Tarrin avoided Camara Tal for nearly two days after that, and to her credit, the Amazon had backed off to give him time to come to grips with what he'd discovered inside himself. It was a truth he'd known, something that he convinced himself was untrue, but knew in his heart that it was. Seeing Mist, seeing the awful condition of being truly feral could bring on someone, had frightened and saddened him. What sobered him now was that he saw the very same things he saw in Mist inside himself. Mist was more violent than he was, but in reality they were no different. They both had had their resistance to their instincts shattered by the actions of others, and now both of them were too weak-willed to overcome them. Tarrin had more control than Mist, was not quite so paranoid as she was, but they were sides of the same coin. Everything he pitied about Mist made him dejected with himself, because he felt powerless to change.

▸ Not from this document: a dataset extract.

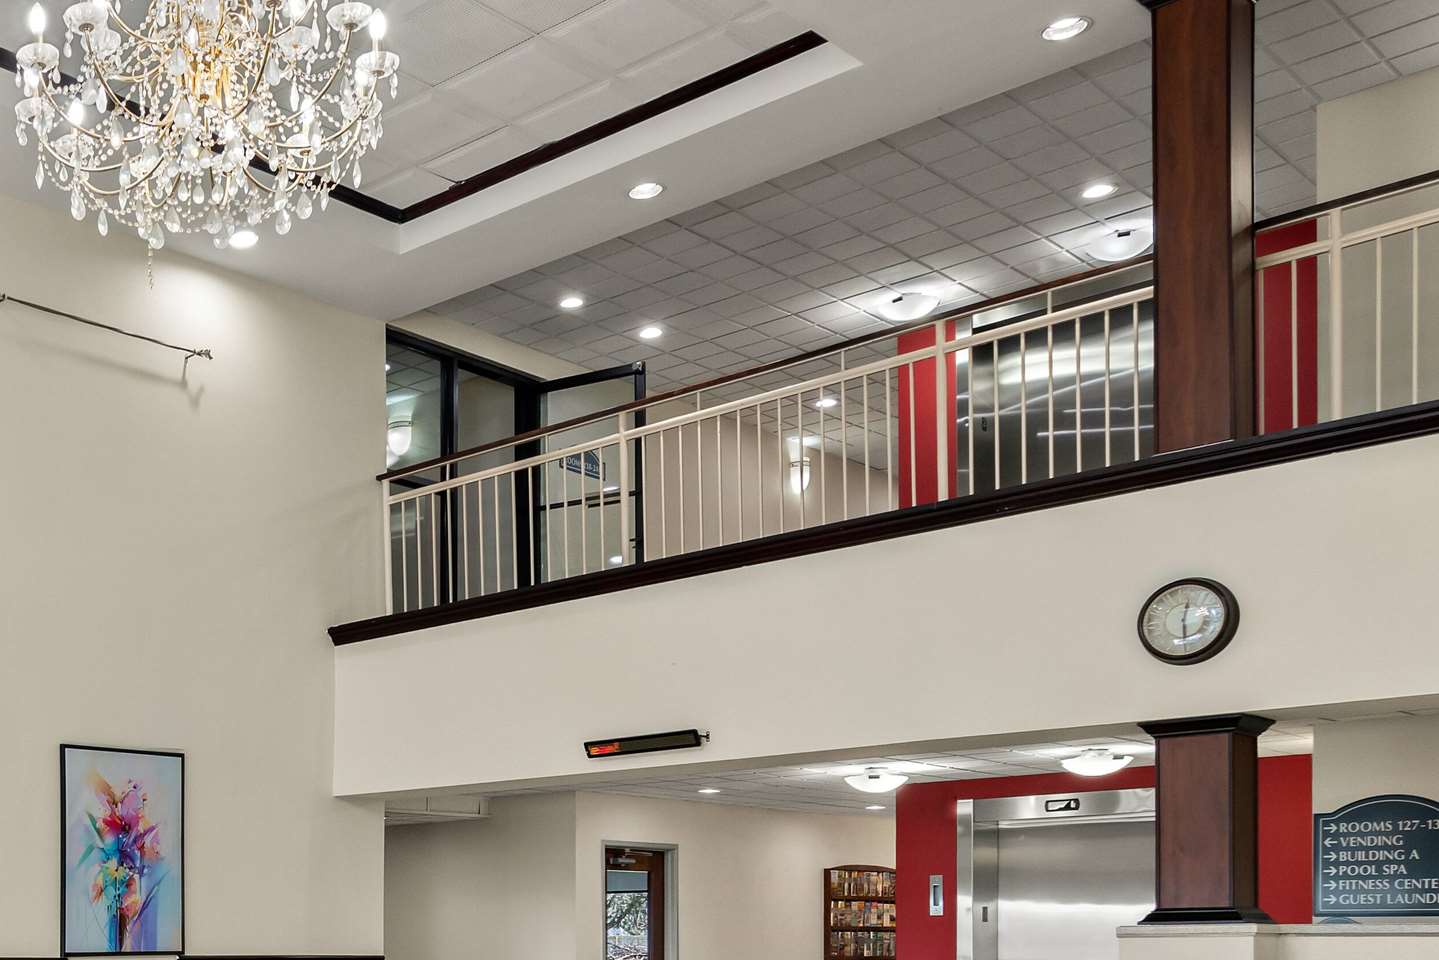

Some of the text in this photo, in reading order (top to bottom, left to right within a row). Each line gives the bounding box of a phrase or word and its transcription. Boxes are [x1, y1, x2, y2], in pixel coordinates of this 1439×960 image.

He had tried before. He just couldn't do that to himself again. Trying made him short-tempered and out of sorts, heightened his feral fear to a fever pitch and made him an exceptionally unpleasant person to be around. He wasn't trying with Camara Tal, but her attempts to win his trust were even worse, because they were making him look inside himself. Trying to muster courage was much different than having dark truths bared for him to see.

Sometimes it just all felt so hopeless. He was feral. He accepted that, understood it, because he couldn't change it. He wouldn't if he could. He'd lost more than his innocence to Jula and her collar, he had lost his security, his sense of personal freedom to her. That had caused him to harden to outsiders, to turn feral, that and the destruction he had wrought beneath the Cathedral of Karas so long ago. Triana was right. It was so easy to lose himself in the suspicious fear of ferality, to turn his back on struggling to retain his humanity and allow his instincts to govern his actions. It was a condition of comfortable apathy, where nobody mattered other than himself and those few people he trusted, where everyone else was conveniently grouped together into a large assortment of enemies and strangers. Triana had said that being feral was living in a world of them and us. In Mist's case, it was just her. She was so right. There was Tarrin and his small tight circle of friends, and then there was the rest of the world, which was out to get them. Being feral protected him. It protected both his sanity and his life, because in their dangerous quest they had no shortage of enemies and competitors. But when a new person came into his life, a person that Tarrin actually liked, it rose up and prevented him from accepting that person as a new friend. No matter how much he liked Phandebrass, Sarraya, and Camara Tal, they were still strangers, and he couldn't bring himself to drop his guard around them.